Detrás de esa necesidad de humillar parece haber un resentimiento que quizá provenga del hecho de sentirse o haberse sentido menos. Sin embargo, convertido en principio activo a fuerza de voluntad, ese resentimiento le provee la energía suficiente para hacer aquello que la hace sentirse más. Ella necesita sentirse más. Siempre. Satisfacer ese sentimiento implica renunciar a la empatía con el otro, que queda reducido a mero instrumento de esa agobiante e insaciable necesidad. Esa pulsión no perdona ni a los suyos, incluidos los colaboradores más cercanos, que son humillados aun cuando le rinden pleitesía y la sirven de manera incondicional. Y la domina a tal punto que se entrega a ella, en arrebatos autodestructivos, incluso cuando un análisis frío le diría que no le conviene hacerlo. A veces lo que te hace fuerte es lo que te destruye.

Este patrón de conducta, que proyecta sobre la sociedad un modelo de relación violenta, ha marcado a todos los gobiernos kirchneristas, pero se expresa con mayor claridad en el actual. El vínculo que une a la vicepresidenta con el Presidente, viciado desde el comienzo, derivó en una suerte de sadomasoquismo político que no solo le hizo pagar altos costos a los que ocupaban los roles de dominante y dominado sino también, y especialmente, al país.

Cristina Kirchner esperaba que Alberto Fernández, con el poder vicario que ella misma le transmitía, hiciera lo necesario para cerrar las múltiples causas por corrupción que se le siguen en la Justicia. Para lograr ese fin perverso se necesita una cuota de poder considerable y ella lo sabe.
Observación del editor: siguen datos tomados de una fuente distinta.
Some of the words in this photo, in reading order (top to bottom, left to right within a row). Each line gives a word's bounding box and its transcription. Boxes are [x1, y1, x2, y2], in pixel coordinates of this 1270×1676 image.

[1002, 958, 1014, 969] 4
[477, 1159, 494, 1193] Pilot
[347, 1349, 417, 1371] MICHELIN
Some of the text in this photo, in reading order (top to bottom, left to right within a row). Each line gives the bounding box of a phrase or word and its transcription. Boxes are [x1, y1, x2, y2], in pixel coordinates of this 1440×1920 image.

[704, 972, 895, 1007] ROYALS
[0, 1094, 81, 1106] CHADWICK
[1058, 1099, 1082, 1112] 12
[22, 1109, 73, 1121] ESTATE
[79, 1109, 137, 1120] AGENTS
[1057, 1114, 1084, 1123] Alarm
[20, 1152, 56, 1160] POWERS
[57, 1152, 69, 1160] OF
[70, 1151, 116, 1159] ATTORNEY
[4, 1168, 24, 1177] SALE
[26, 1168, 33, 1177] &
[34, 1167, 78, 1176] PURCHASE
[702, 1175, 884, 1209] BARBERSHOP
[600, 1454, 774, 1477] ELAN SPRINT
El Presidente la obtuvo cuando, al principio de la pandemia, se puso al frente de una mesa de diálogo integrada también por el jefe de Gobierno porteño y el gobernador de la provincia de Buenos Aires. Ese 80% de imagen positiva que tenía por entonces le daba más posibilidades de neutralizar la prueba abrumadora que los jueces han reunido contra ella. Sin embargo, cuando la sociedad premiaba el consenso y el Presidente vivía sus cinco minutos de gloria, Cristina lo empujó a la polarización y a una serie de decisiones descabelladas que minaron rápidamente la popularidad de Fernández, para después someterlo a ataques y humillaciones periódicas. Es decir, ella pinchó el bote que había inflado para cruzar el río. Y en medio de la travesía.
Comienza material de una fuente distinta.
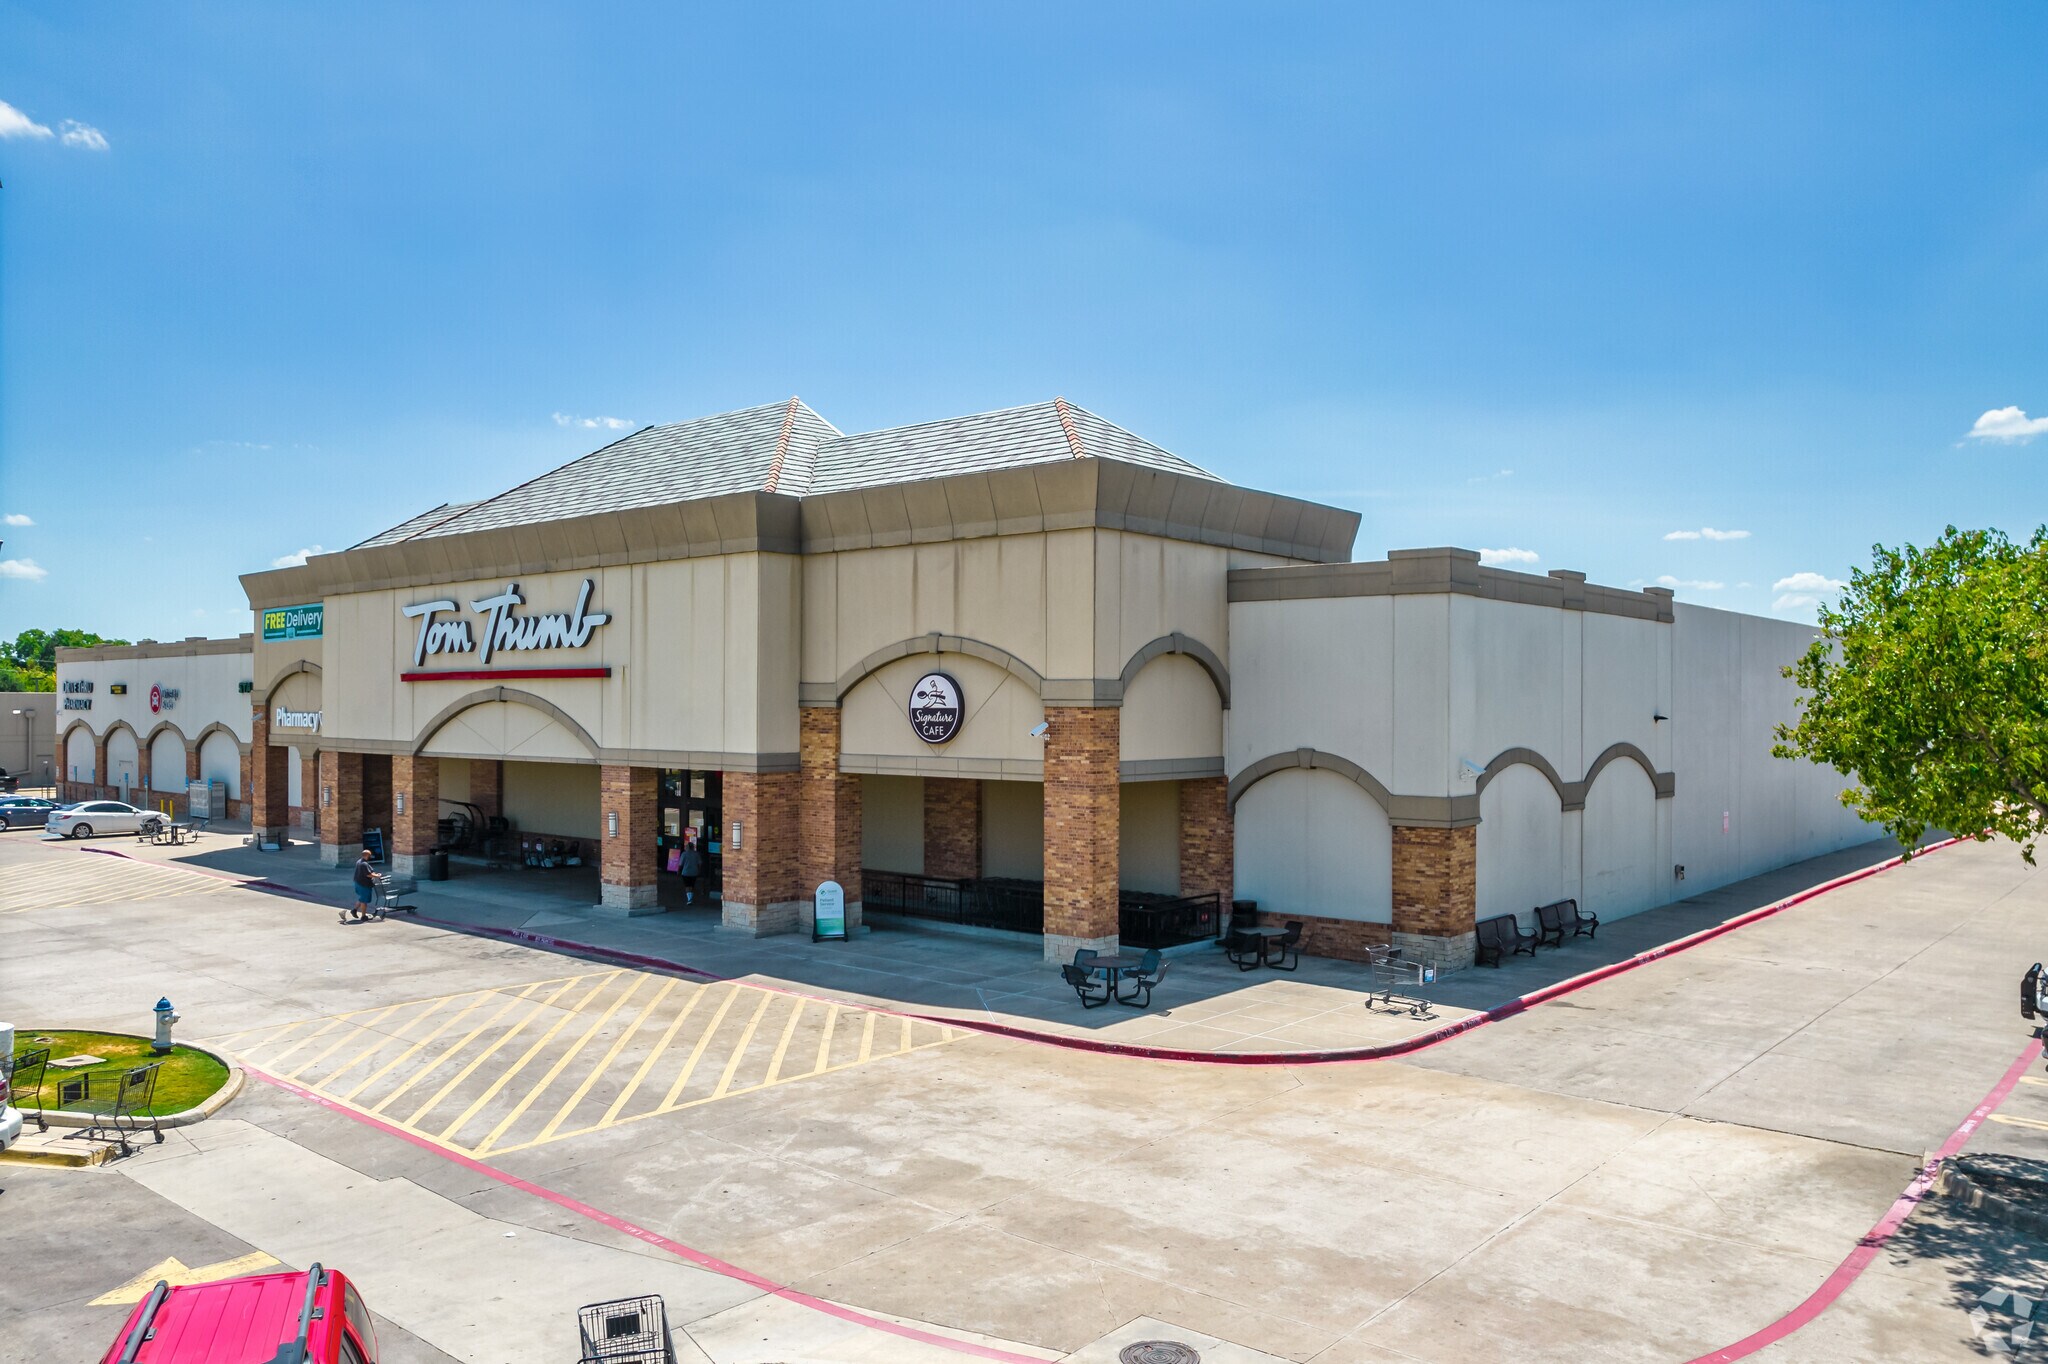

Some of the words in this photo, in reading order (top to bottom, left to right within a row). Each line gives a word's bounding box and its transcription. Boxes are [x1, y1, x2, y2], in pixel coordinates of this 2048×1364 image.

[265, 611, 286, 629] FREE
[286, 609, 323, 629] Delivery
[402, 600, 476, 667] Tom
[469, 578, 612, 664] Thumb
[276, 706, 320, 732] Pharmacy
[914, 709, 954, 726] Signature
[922, 725, 944, 736] CAFE
Por su lado el Presidente, que quiso usar y fue usado, nunca se atrevió a dejar el rol que le asignaron en la relación. Pudo haberse emancipado en ese momento en que, haciendo lo correcto, empezaba a obtener reconocimiento popular y una cuota propia de poder. Pero no lo hizo. Tal vez lo paralizara ese temor reverencial que paraliza a todos y apostó en vano a la racionalidad de la vicepresidenta. Un error, porque en esa sociedad asimétrica que conformaron, por más cínico que haya sido el pacto no escrito entre ambos, hay condicionantes que pesan mucho más que el mero cálculo. En cualquier caso, lo insólito es que, en su debilidad, el Presidente siempre fue a buscar amparo en la persona que desde el principio no ha hecho otra cosa que esmerilarlo.
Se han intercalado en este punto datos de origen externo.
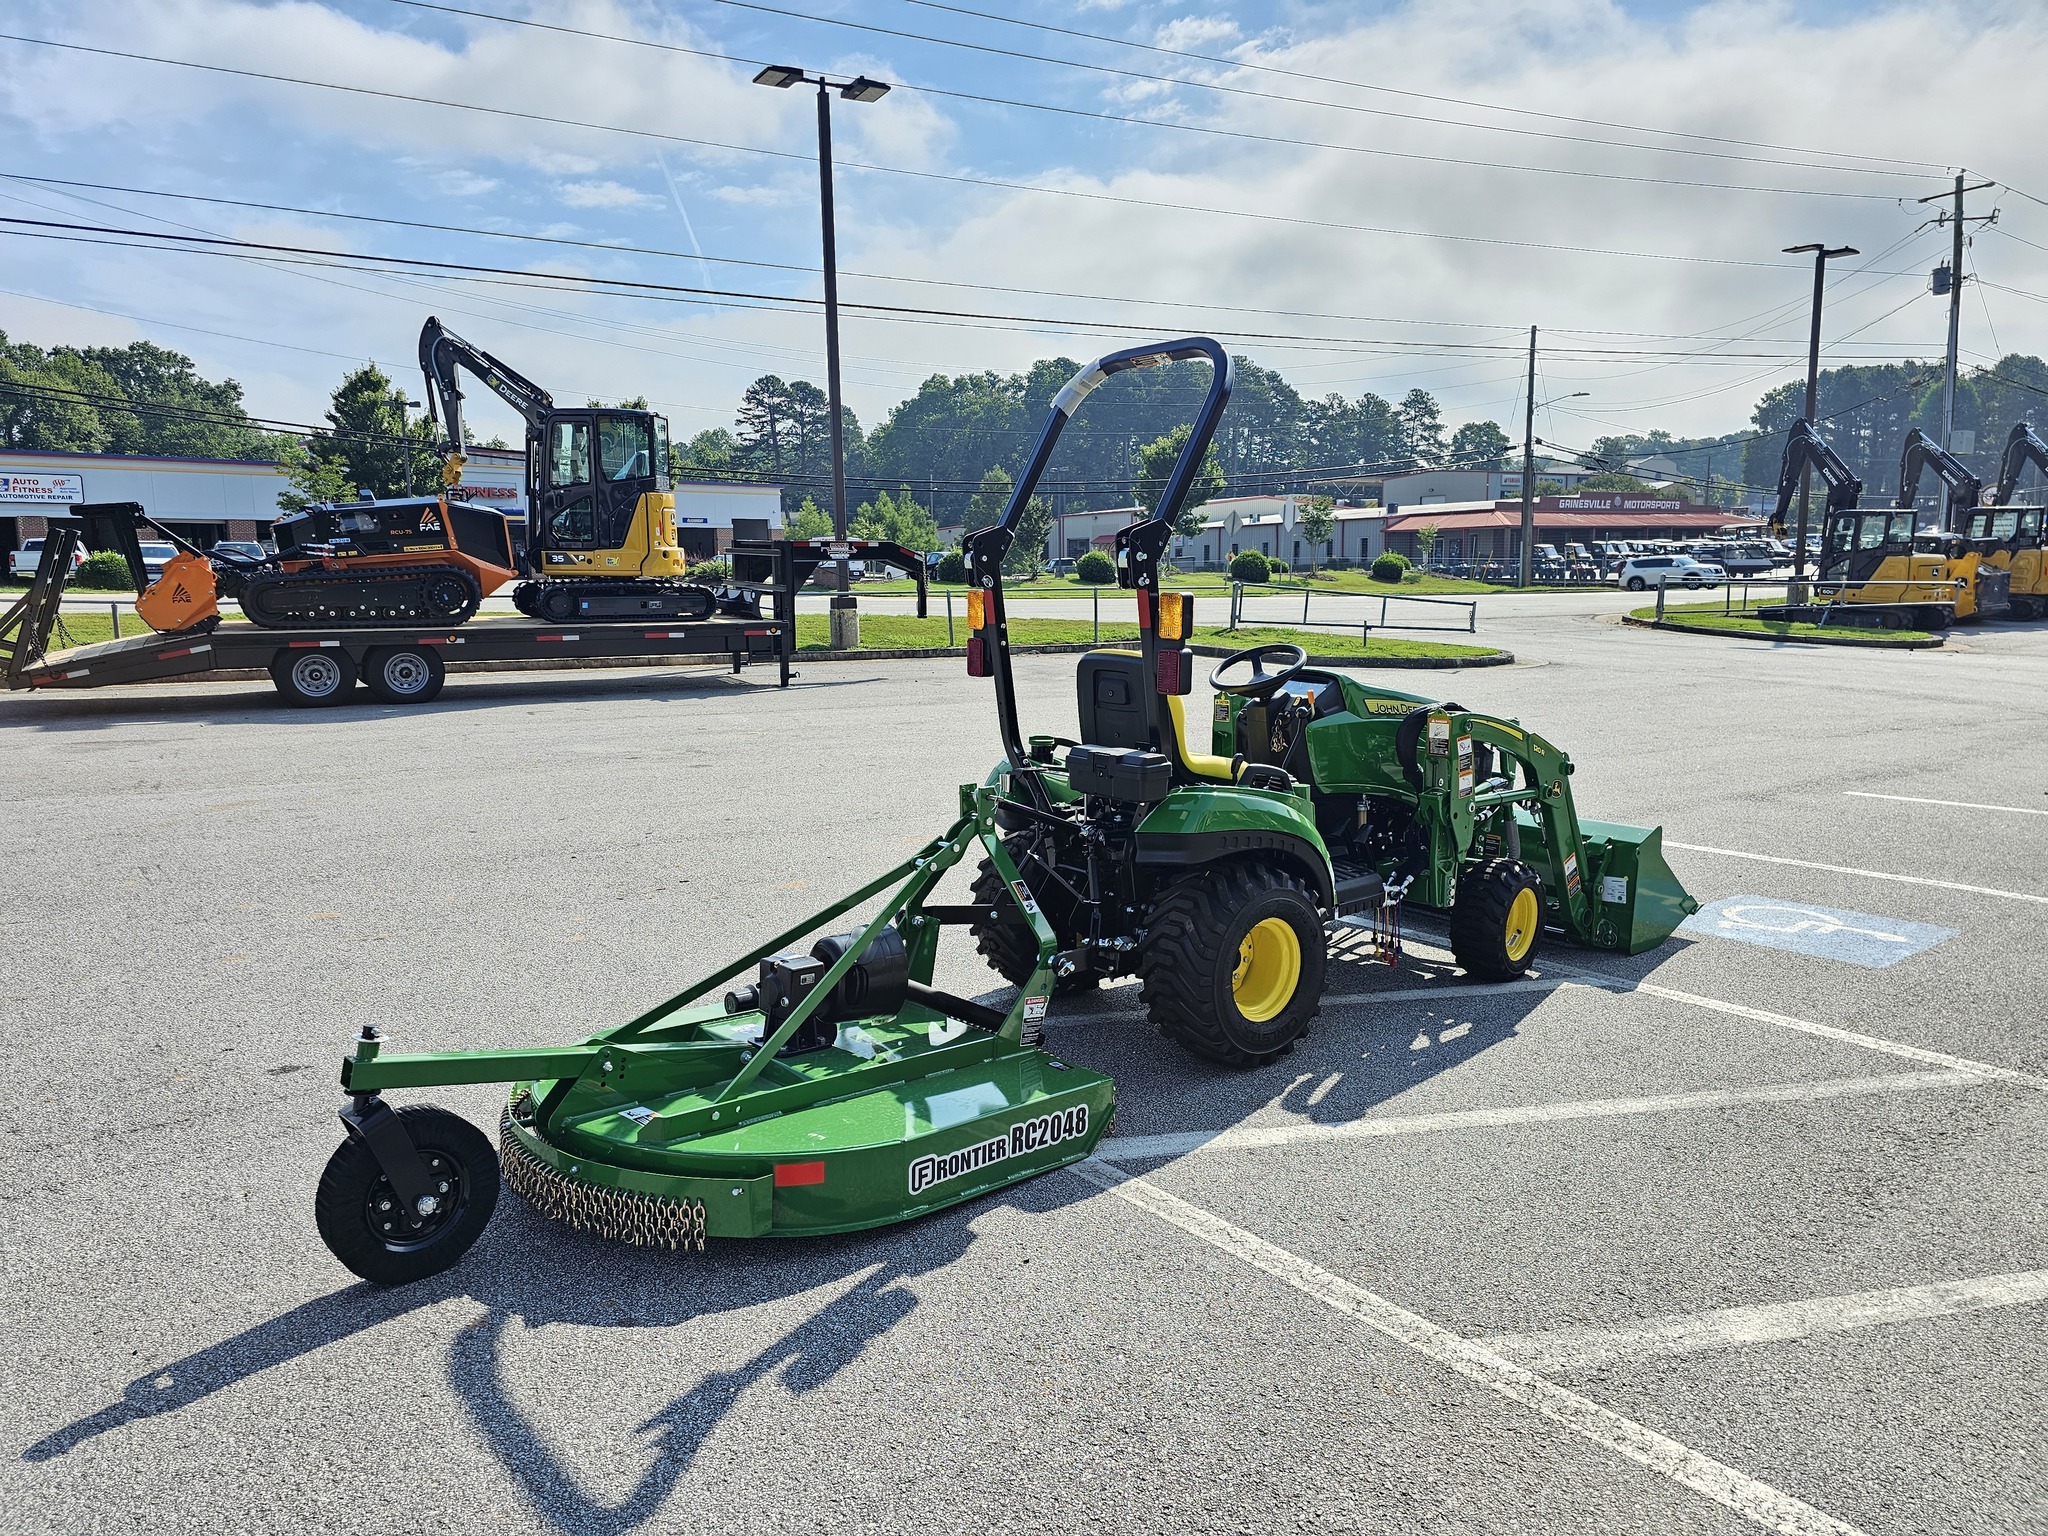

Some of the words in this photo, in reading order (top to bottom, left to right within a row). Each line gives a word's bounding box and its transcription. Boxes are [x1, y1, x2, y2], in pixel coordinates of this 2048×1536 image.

[499, 383, 529, 410] DEERE
[1822, 467, 1839, 487] DEERE
[12, 486, 53, 494] FITNESS
[1559, 500, 1611, 509] GAINESVILLE
[1623, 500, 1680, 510] MOTORSPORTS
[419, 522, 441, 531] FAE
[1374, 703, 1400, 713] JOHN
[910, 1136, 1008, 1193] FRONTIER
[1010, 1105, 1088, 1155] RC2048
En esta deriva alienada, el ataque que la vicepresidenta le dedicó el miércoles durante su discurso frente a los parlamentarios europeos y de la región no sorprende. En una nueva humillación, lo pintó a Fernández con los atributos del mando, pero sin poder. La pelea matrimonial ya se despliega sin tapujos ante las visitas en un “espectáculo bochornoso”, según calificó después un grupo de eurodiputados. Uno de los temas a discutir en el encuentro era el discurso del odio. Se llevaron una muestra gratis. Convenientemente distribuidos en el CCK, los fieles celebraron enfervorizados los mohines y sobreentendidos con que Cristina Kirchner ridiculizó al Presidente. Ante los ojos del mundo, perdidos en la embriaguez de su propio rito, la suma sacerdotisa y sus acólitos se entregaron a esa épica vacía cuya efervescencia esconde, cada vez con mayor dificultad, la realidad de un país saqueado y hoy sin rumbo que se debate entre el pasado y el futuro.